Cada año, la temporada cinéfila comienza con el festival de Cannes y acaba con los premios Oscar: los filmes que se presentan en la sección oficial del primero protagonizan, para bien o para mal, muchos de los debates de la temporada hasta que algunos de ellos, por pura decantación, vuelven a ser protagonistas también en la entrega de los Oscar. La temporada pasada respondió exactamente a ese mecanismo, con la Palma de Oro nominada a mejor film en los Oscar (The Tree of Life, de Terrence Malick), mientras que el ganador final de ese premio también había competido unos meses antes por esa misma Palma (The Artist, de Michel Hazanavicius). Echando la vista atrás, este diálogo entre el supuesto ‘cine de autor’ que representa Cannes y el ‘cine industrial’ que premian los Oscar se lleva repitiendo desde hace décadas, de modo que los filmes que canoniza el certamen francés no son tanto una alternativa a Hollywood como su complemento: por ejemplo, desde 1980, hubo ya tres títulos presentes en la competición oficial que luego ganaron el Oscar al mejor filme (Chariots of Fire de Hugh Hudson en 1981, No Country for Old Men de los hermanos Coen en 2007 y The Artist), y luego hubo ocho Palmas de Oro que estuvieron nominadas a mejor filme en los Oscar (All That Jazz de Bob Fosse en 1980, Missing de Costa-Gavras en 1982, The Mission de Roland Joffé en 1986, The Piano de Jane Campion en 1993, Pulp Fiction de Quentin Tarantino en 1994, Secrets & Lies de Mike Leigh en 1996, The Pianist de Roman Polanski en 2002 y por último The Tree of Life).
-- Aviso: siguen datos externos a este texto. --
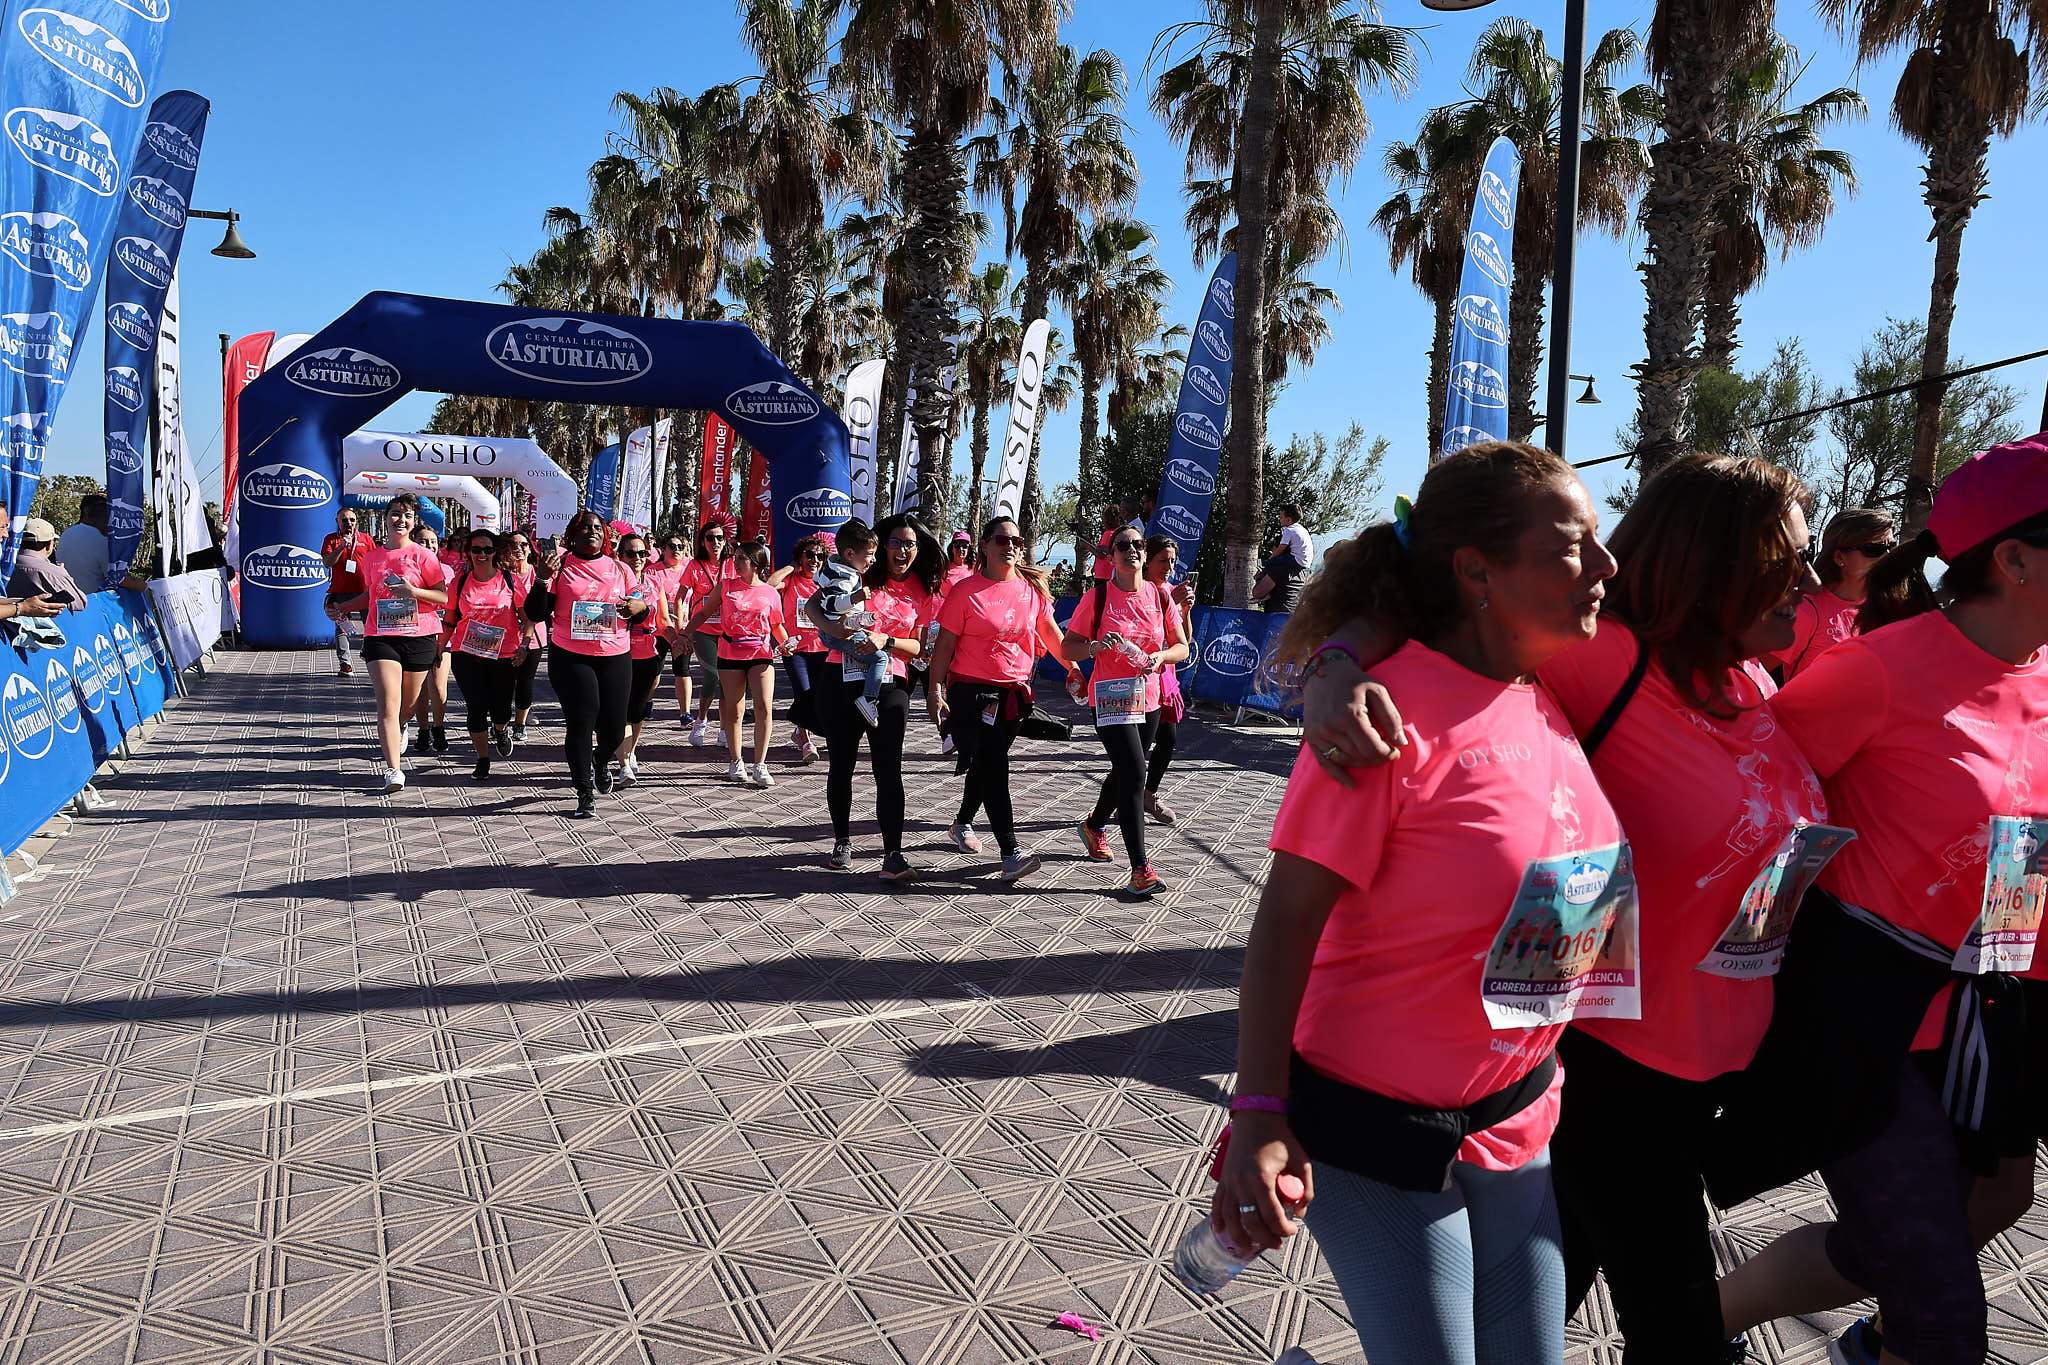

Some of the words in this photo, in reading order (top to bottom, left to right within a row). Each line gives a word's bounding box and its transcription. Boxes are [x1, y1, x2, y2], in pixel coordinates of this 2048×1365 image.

[56, 26, 102, 55] CENTRAL
[29, 18, 137, 103] ASTURIANA
[36, 124, 89, 150] CENTRAL
[498, 332, 641, 372] ASTURIANA
[525, 333, 579, 345] CENTRAL
[583, 338, 635, 350] LECHERA
[292, 362, 392, 387] ASTURIANA
[311, 361, 350, 369] CENTRAL
[733, 396, 815, 414] ASTURIANA
[383, 440, 497, 466] OYSHO
[712, 422, 727, 492] Santander
[527, 469, 559, 478] OYSHO
[1169, 463, 1211, 492] ASTURIANA
[246, 479, 328, 500] ASTURIANA
[544, 512, 573, 521] OYSHO
[246, 559, 327, 579] ASTURIANA
[8, 706, 52, 744] ASTURIANA
[1459, 743, 1532, 769] OYSHO
[1721, 959, 1764, 970] OYSHO
[1490, 981, 1532, 994] CARRERA
[1534, 983, 1547, 993] DE
[1547, 982, 1559, 993] LA
[1498, 1000, 1545, 1016] OYSHO
[1567, 995, 1616, 1009] Santander
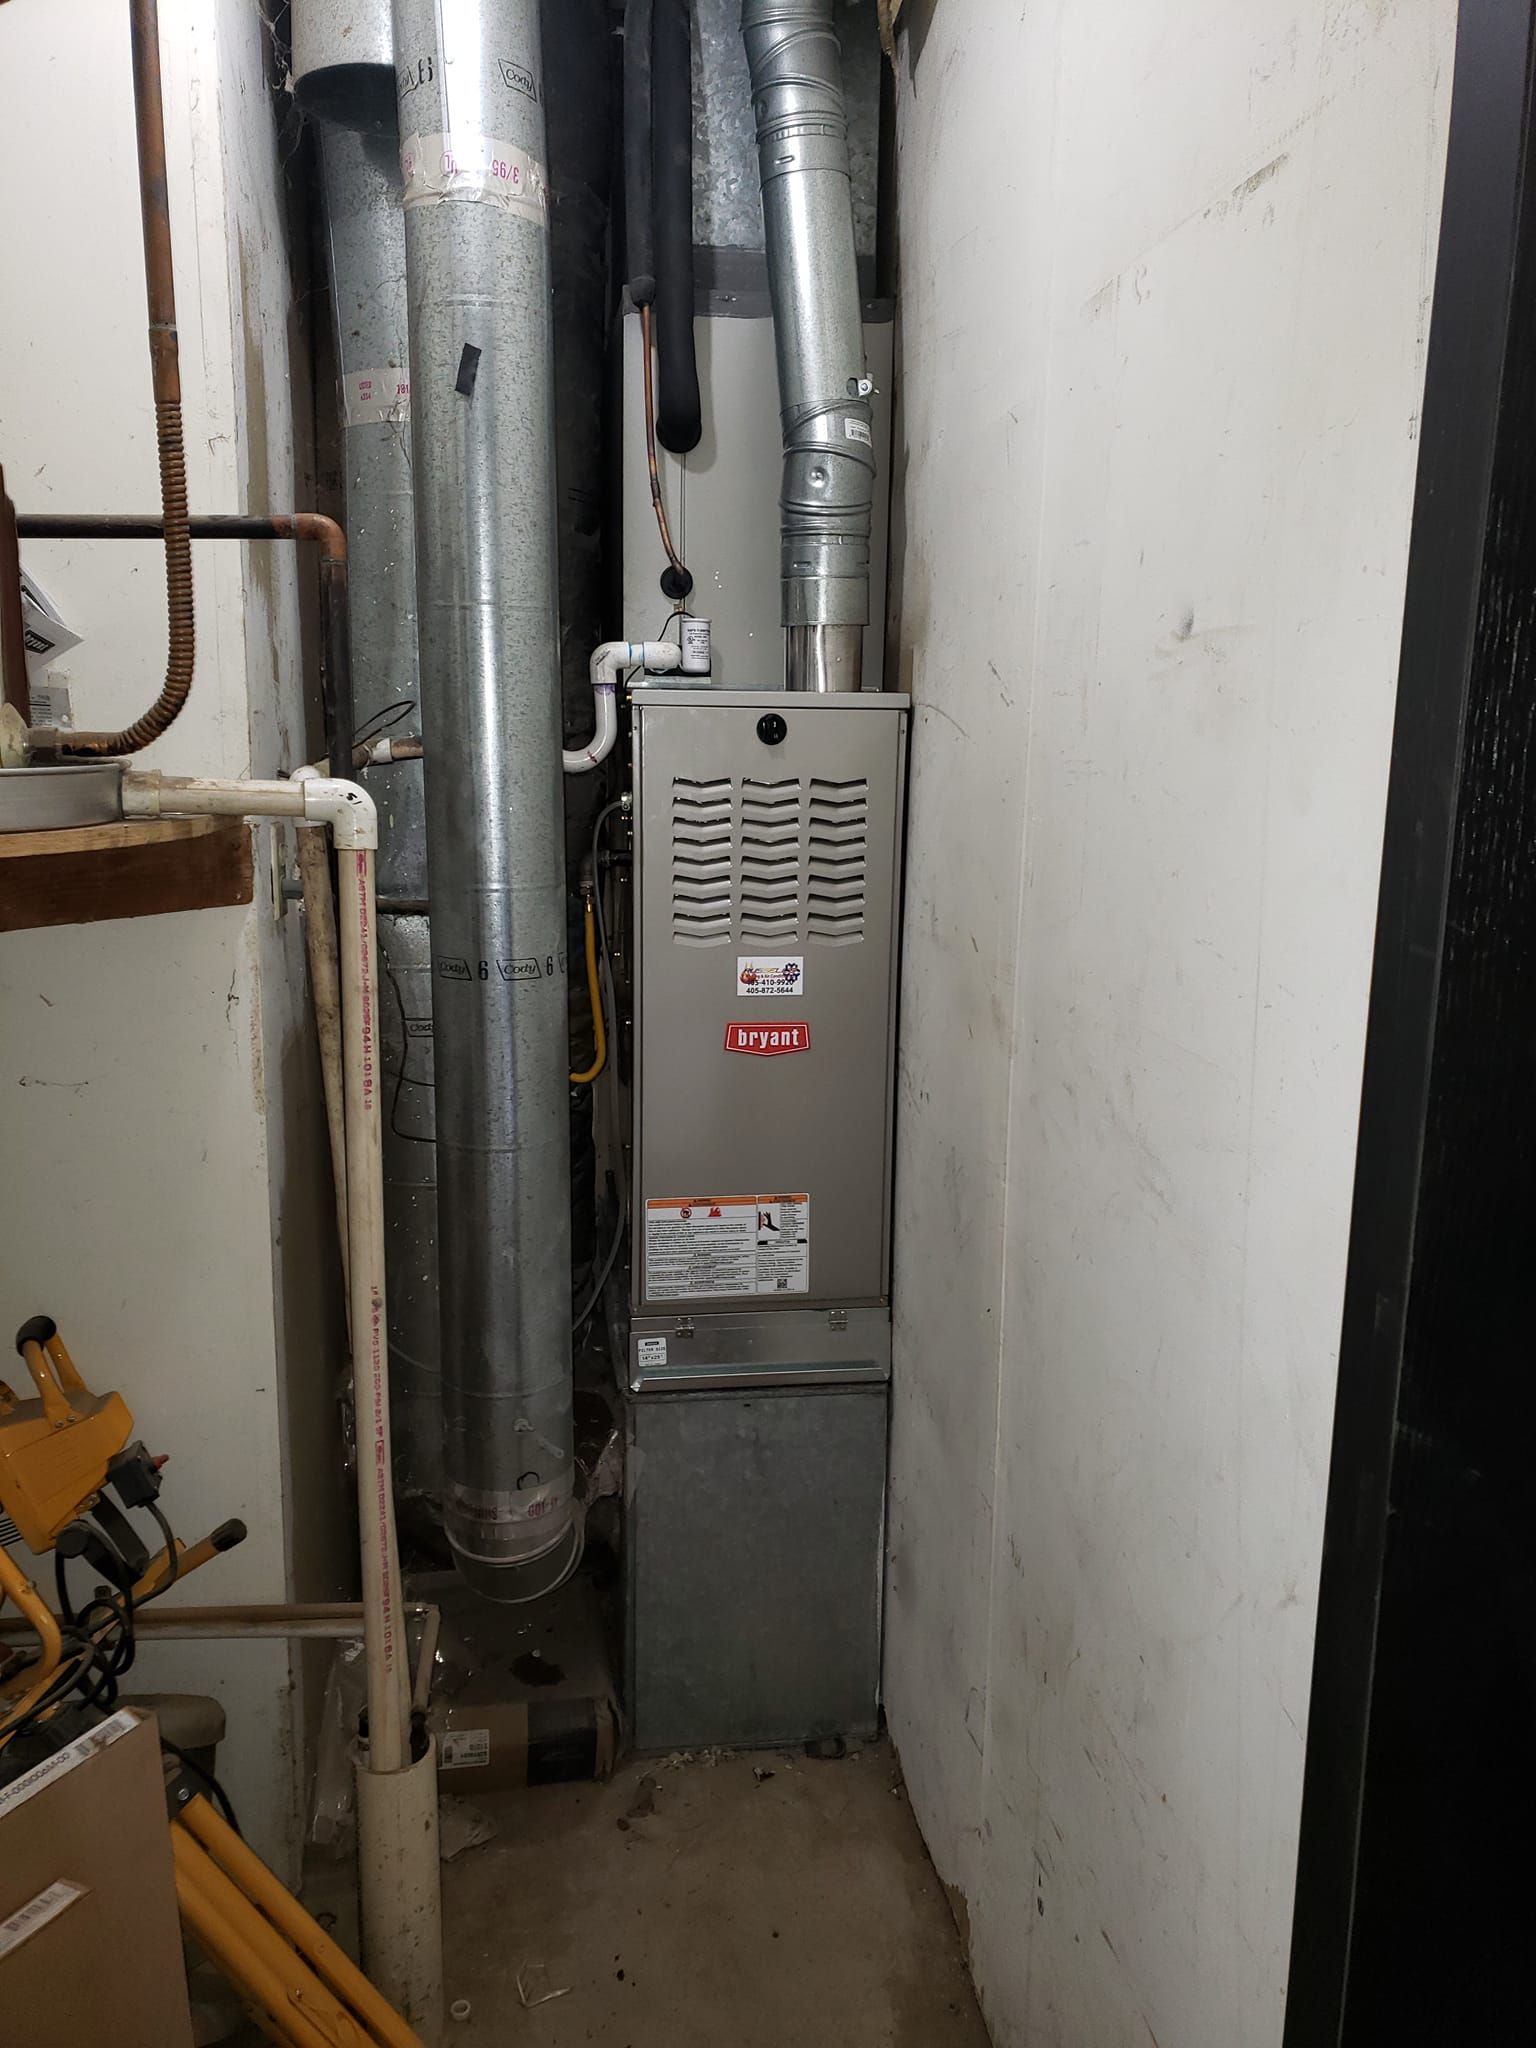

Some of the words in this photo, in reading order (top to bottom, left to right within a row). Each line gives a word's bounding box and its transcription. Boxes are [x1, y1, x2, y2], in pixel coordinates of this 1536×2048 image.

[478, 960, 489, 981] 6
[503, 963, 537, 975] Cody
[546, 955, 554, 976] 6
[737, 1029, 800, 1049] bryant
Estas buenas relaciones entre grandes festivales e industria se repiten en este mismo período de tiempo también en el festival de Venecia, donde un par de Leones de Oro fueron nominados a mejor filme (Atlantic City de Louis Malle en 1980 y Brokeback Mountain de Ang Lee en 2005) y uno de los filmes a concurso llegó a ganar ese Oscar (The Hurt Locker de Kathryn Bigelow en 2009); pero sobre todo fue en el festival de Berlín donde estas relaciones llegaron a ser especialmente fluidas: entre los años ochenta y noventa, cuatro Osos de Oro fueron nominados a mejor filme (Rain Man de Barry Levinson en 1989, In the Name of the Father de Jim Sheridam en 1994, Sense and Sensibility de Ang Lee en 1996 y The Thin Red Line de Terrence Malick en 1999) y hasta siete ganadores de ese Oscar participaron en la competición oficial, muchas veces llevándose algún premio (Platoon de Oliver Stone en 1987, Rain Man en 1989, Driving Miss Daisy de Bruce Beresford en 1990, Dances with Wolves de Kevin Costner en 1991, The Silence of the Lambs de Jonathan Demme también en 1991, The English Patient de Anthony Minghella en 1997 y Shakespeare in Love de John Madden en 1999). Todo este montón de datos lleva, por lo menos, a una primera conclusión, que voy a formular en términos algo frívolos, futbolísticos: los grandes festivales (entre los que destaca especialmente Cannes) y los premios de la industria son para el cine lo que el Fútbol Club Barcelona y el Real Madrid son para el fútbol estatal, es decir, dos rivales que al mismo tiempo son compañeros y de los que no hay manera de huir. Se puede vivir de espaldas a ellos, por supuesto, e incluso hace falta hacerlo porque hay miles de filmes excelentes que no pasan por Cannes ni por Hollywood (igual que hay excelentes partidos y jugadores de fútbol que no tienen nada que ver con el Barça ni con el Madrí), pero siempre acabamos por saber lo que ocurre en esos eventos porque en el fondo son una sinécdoque que sintetiza el conjunto de la temporada.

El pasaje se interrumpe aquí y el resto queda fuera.